* [EXERCISE DIRECTIONS]:
Write out all of the records precisely. Skip anything that is a picture.

* [DATA SECTION]:
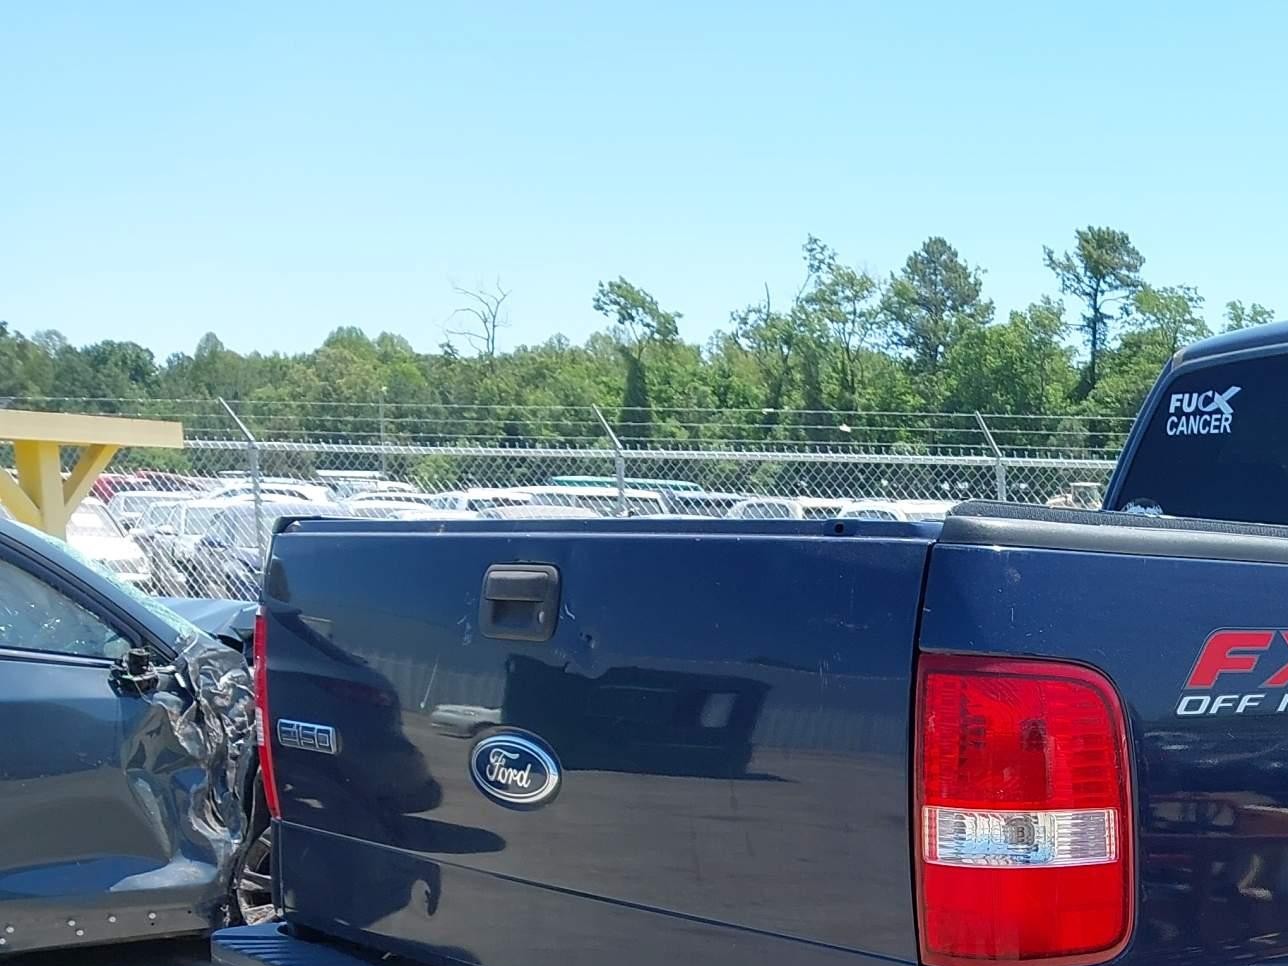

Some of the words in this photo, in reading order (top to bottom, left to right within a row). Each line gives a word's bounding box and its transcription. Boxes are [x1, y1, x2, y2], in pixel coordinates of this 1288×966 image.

[1166, 413, 1233, 436] CANCER
[1176, 694, 1266, 716] OFF
[486, 748, 532, 788] Ford
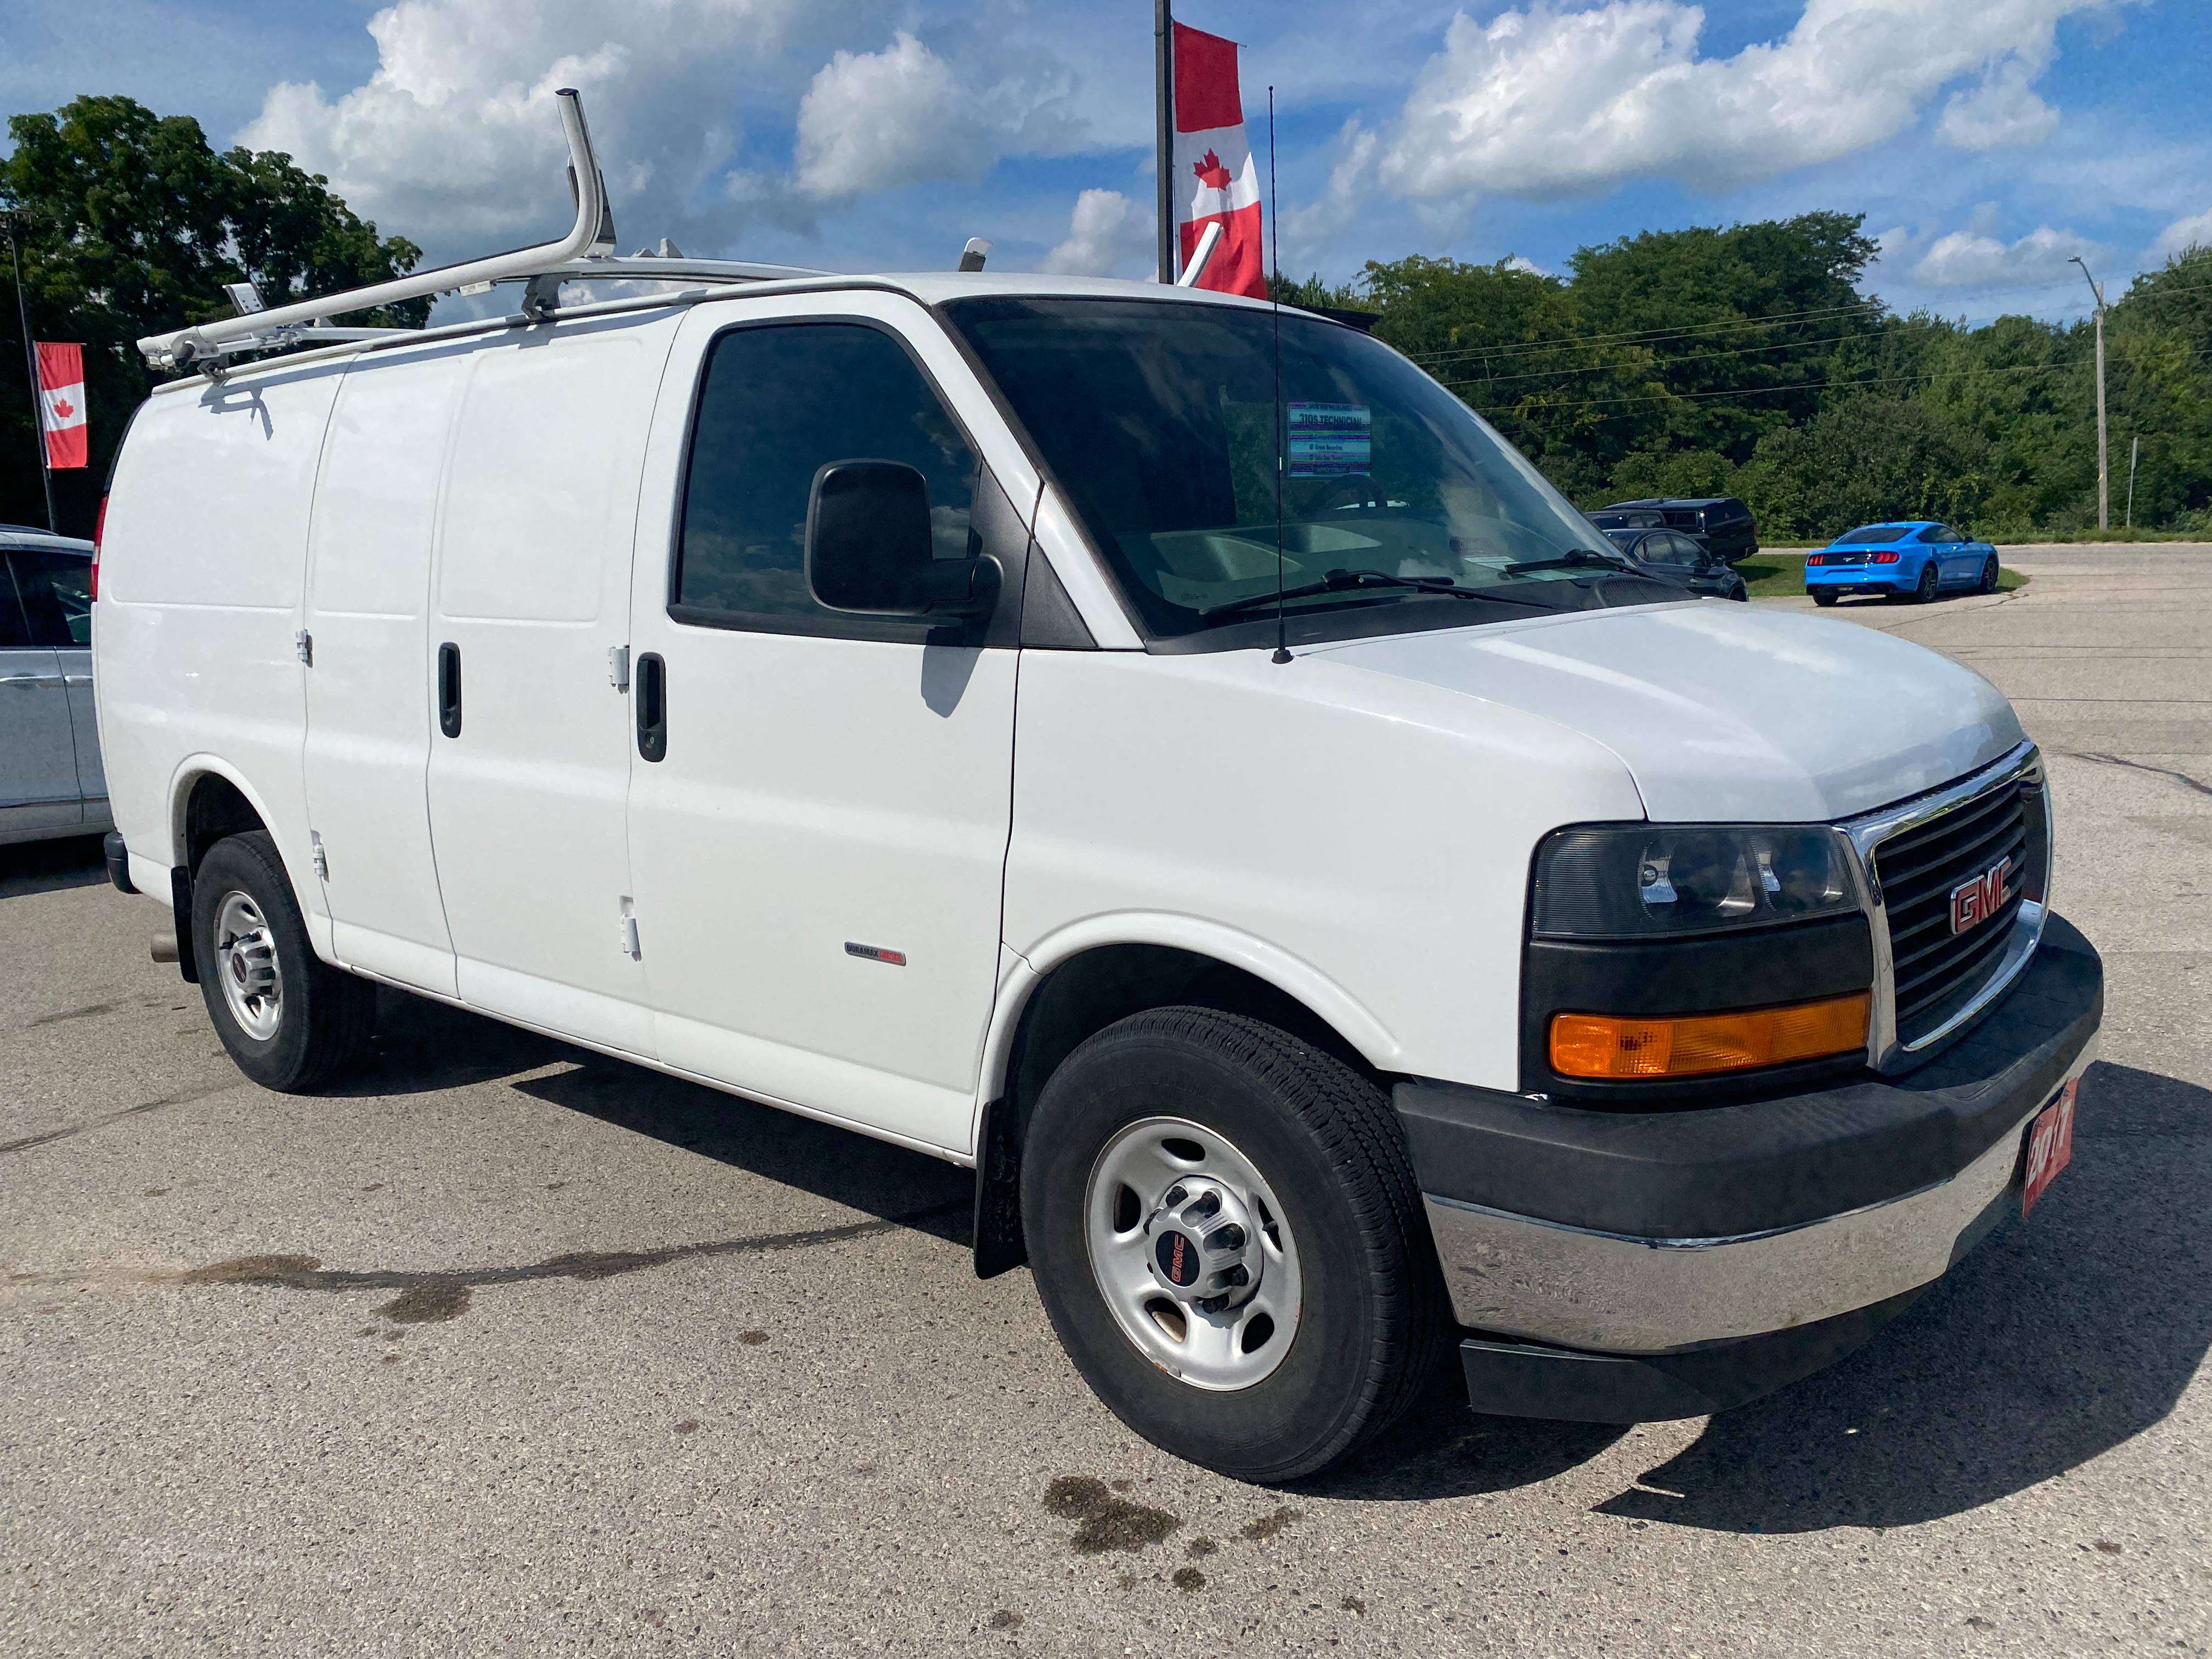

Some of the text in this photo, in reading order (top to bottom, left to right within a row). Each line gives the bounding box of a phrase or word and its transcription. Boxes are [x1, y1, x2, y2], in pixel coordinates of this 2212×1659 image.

[1299, 414, 1361, 426] 310S TECHNICIAN
[1950, 855, 2012, 935] GMC
[847, 944, 879, 957] DURAMAX
[2027, 1098, 2072, 1189] 2017
[1171, 1235, 1184, 1283] GMC

* [ANSWER FOR THE TASK]:
Some of the words in this photo, in reading order (top to bottom, left to right within a row). Each line gives a word's bounding box and its transcription. Boxes are [x1, y1, x2, y2], in pixel coordinates of this 1288×966 image.

[1166, 413, 1233, 436] CANCER
[1176, 694, 1266, 716] OFF
[486, 748, 532, 788] Ford

Some of the text in this photo, in reading order (top to bottom, left to right within a row). Each line gives the bounding box of a phrase or word and its transcription. Boxes are [x1, y1, x2, y2], in pixel coordinates of this 2212×1659 image.

[1299, 414, 1361, 426] 310S TECHNICIAN
[1950, 855, 2012, 935] GMC
[847, 944, 879, 957] DURAMAX
[2027, 1098, 2072, 1189] 2017
[1171, 1235, 1184, 1283] GMC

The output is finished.